Water was first diverted from the Murray for irrigation in the 1880’s.
The succession of drought years from 1895, culminating in the record dry year of 1902, identified the need to protect Murray Valley residents from drought. This was necessary not only for their livelihood, but also for the continued development of the region.
Construction of the weir began early in 1935, and was completed in 1939 as part of the Murray-Darling Irrigation Scheme.
In 1937 the first suggestions were made concerning the clearing of the red gum forest, to create an open area in the lake. As the River Murray Commission refused to clear the trees, a group of local men took up axes and cross-cut saws, and in 1938 began the enormous task of felling the trees, at the cost of 10 shillings per acre.
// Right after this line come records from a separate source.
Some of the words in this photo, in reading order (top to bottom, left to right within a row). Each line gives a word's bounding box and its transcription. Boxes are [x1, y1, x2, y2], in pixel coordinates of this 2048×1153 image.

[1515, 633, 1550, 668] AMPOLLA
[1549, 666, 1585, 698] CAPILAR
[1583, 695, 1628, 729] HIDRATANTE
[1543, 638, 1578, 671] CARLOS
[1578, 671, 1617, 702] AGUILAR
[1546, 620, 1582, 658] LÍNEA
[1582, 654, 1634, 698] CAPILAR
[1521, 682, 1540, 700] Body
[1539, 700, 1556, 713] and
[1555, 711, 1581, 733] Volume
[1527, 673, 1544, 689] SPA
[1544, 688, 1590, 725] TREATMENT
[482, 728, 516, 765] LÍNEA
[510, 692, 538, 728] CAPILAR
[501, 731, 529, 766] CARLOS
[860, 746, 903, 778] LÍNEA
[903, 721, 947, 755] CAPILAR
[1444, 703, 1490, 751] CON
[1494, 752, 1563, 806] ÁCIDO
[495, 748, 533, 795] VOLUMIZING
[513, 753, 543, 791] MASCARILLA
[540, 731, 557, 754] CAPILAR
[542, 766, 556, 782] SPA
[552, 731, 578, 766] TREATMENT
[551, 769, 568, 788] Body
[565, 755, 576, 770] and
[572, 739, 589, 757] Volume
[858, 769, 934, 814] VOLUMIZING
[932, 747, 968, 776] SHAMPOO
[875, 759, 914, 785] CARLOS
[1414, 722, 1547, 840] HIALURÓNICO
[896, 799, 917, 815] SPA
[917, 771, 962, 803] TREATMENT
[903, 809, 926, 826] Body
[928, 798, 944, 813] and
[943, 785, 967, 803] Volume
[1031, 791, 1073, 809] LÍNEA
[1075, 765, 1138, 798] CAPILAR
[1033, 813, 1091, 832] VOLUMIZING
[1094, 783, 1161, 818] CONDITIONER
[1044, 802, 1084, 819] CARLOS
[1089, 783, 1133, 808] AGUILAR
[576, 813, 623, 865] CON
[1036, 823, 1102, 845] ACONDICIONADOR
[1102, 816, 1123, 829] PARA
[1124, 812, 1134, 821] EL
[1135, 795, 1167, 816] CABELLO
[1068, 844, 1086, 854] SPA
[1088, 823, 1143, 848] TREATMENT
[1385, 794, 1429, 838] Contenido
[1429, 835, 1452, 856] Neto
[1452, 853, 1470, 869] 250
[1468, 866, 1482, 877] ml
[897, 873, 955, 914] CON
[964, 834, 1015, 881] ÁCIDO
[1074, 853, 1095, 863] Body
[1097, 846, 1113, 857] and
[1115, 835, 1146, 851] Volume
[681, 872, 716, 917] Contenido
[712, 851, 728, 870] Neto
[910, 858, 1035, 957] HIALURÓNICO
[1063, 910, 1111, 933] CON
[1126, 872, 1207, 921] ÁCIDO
The River Murray Commission gave no financial assistance to the project, and were concerned that if the felled timber was not burnt or removed, it would prove a hazard to the weir.
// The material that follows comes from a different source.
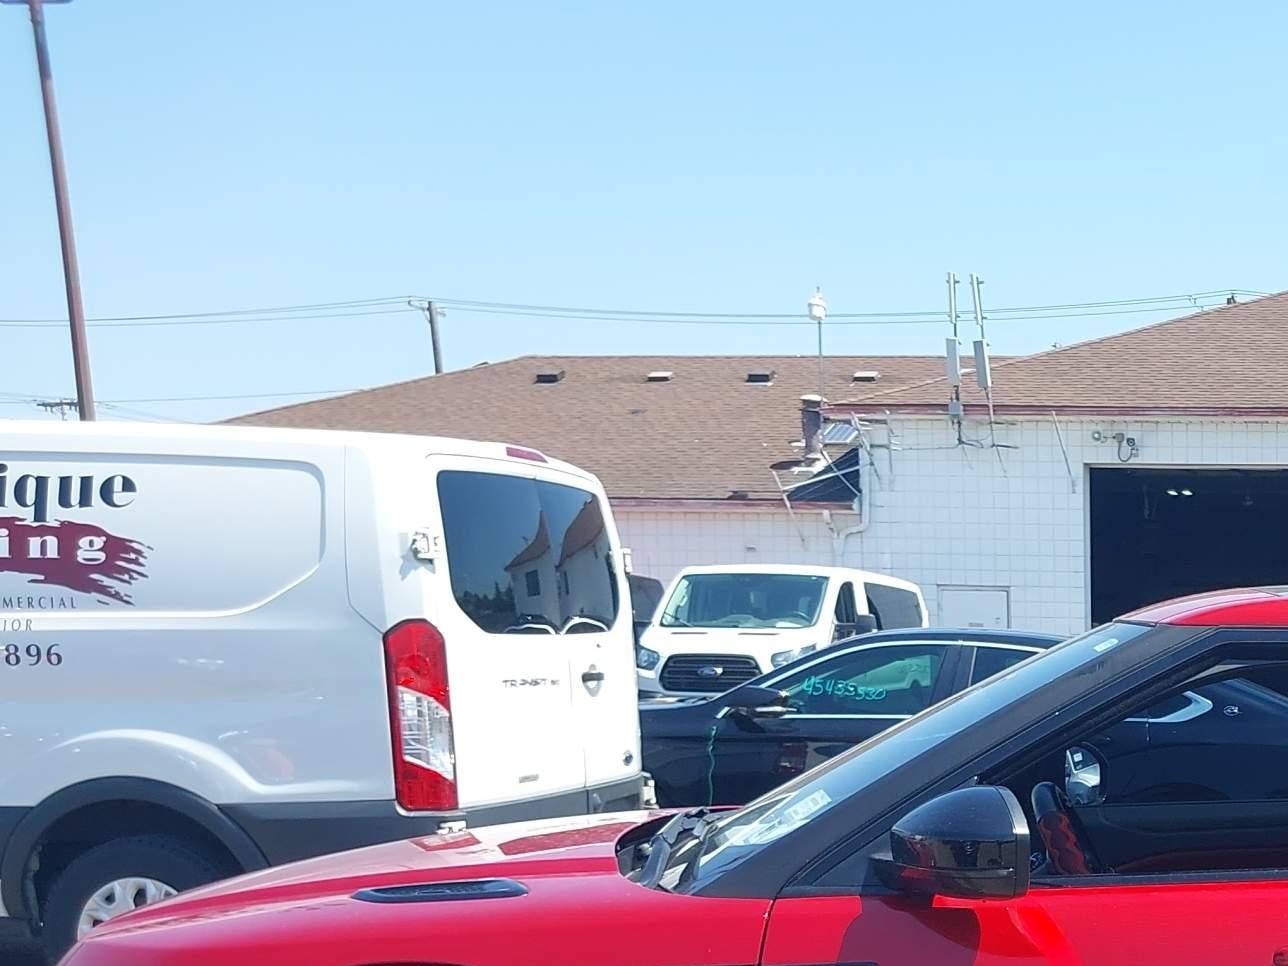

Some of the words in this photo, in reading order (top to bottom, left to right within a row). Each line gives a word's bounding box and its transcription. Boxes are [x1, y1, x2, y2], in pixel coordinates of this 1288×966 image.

[0, 528, 106, 565] ing
[2, 596, 77, 609] MERCIAL
[3, 618, 33, 632] IOR
[5, 643, 63, 666] 896
The men worked to clear the area, and the tree felling was completed in June 1939. The first filling of the lake was started on 12 August 1939, and many of the felled trees were not removed.
The official opening of the weir was scheduled to take place October 27th, 1939. Due to the outbreak of World War II, the weir was not officially opened until October 29th 1989.
A stock route was built on top of the weir in 1939. A privately owned hydroelectric station and a fish lift were added to Yarrawonga Weir in 1994. The station can generate up to 9.6 megawatts of power. In 2002, Lake Mulwala was drained to allow for earthquake proofing works on the weir bridge. While closed, it was modified to a single lane traffic bridge, although it still remains a stock bridge. Every now and then Lake Mulwala is drained or partly drained for maintenance works to be completed on the Weir.
The Yarrawonga Weir was built to raise the water level in the Murray River to ensure diversion of water via gravity.
Diversion of water is via two major channels, the Mulwala Canal and the Yarrawonga Main Channel.
The Mulwala Canal is 2,880 kilometres long and is the largest irrigation canal in the southern hemisphere, spreading across the southern Riverina plain to Deniliquin and suppling water to 700,000 hectares.
The Yarrawonga Main Channel is 957km long and services the Murray Valley irrigation region, from Yarrawonga to Barmah. It supplies water to 128,000 hectares.
The Yarrawonga Weir is the largest of the sixteen weirs on the Murray River, and is part of a complex system involved in the regulation of the Murray River and distribution of its waters.
Attempts to manage the Murray River date back to 1863, however interstate rivalry hampered the development of management schemes for forty years. In 1915, the River Murray Waters Agreement was ratified by the Commonwealth and State Governments, and the River Murray Commission was established.
Currently, the Murray River is managed by the Murray-Darling Basin Commission, in close cooperation with the state authorities. The Murray-Darling Basin Agreement was initially signed by the Commonwealth, New South Wales, Victoria and South Australia Governments in 1987, and revised in 1992 and 2012. The fundamental requirement has not changed since 1915 – the MDBA must conserve water, as well as share and supply it to the three States with minimum wastage.
A secondary use of the Yarrawonga Weir is flood mitigation. Releases are made downstream before the arrival of flood waters, to help level out the food peak and reduce the flood effects downstream.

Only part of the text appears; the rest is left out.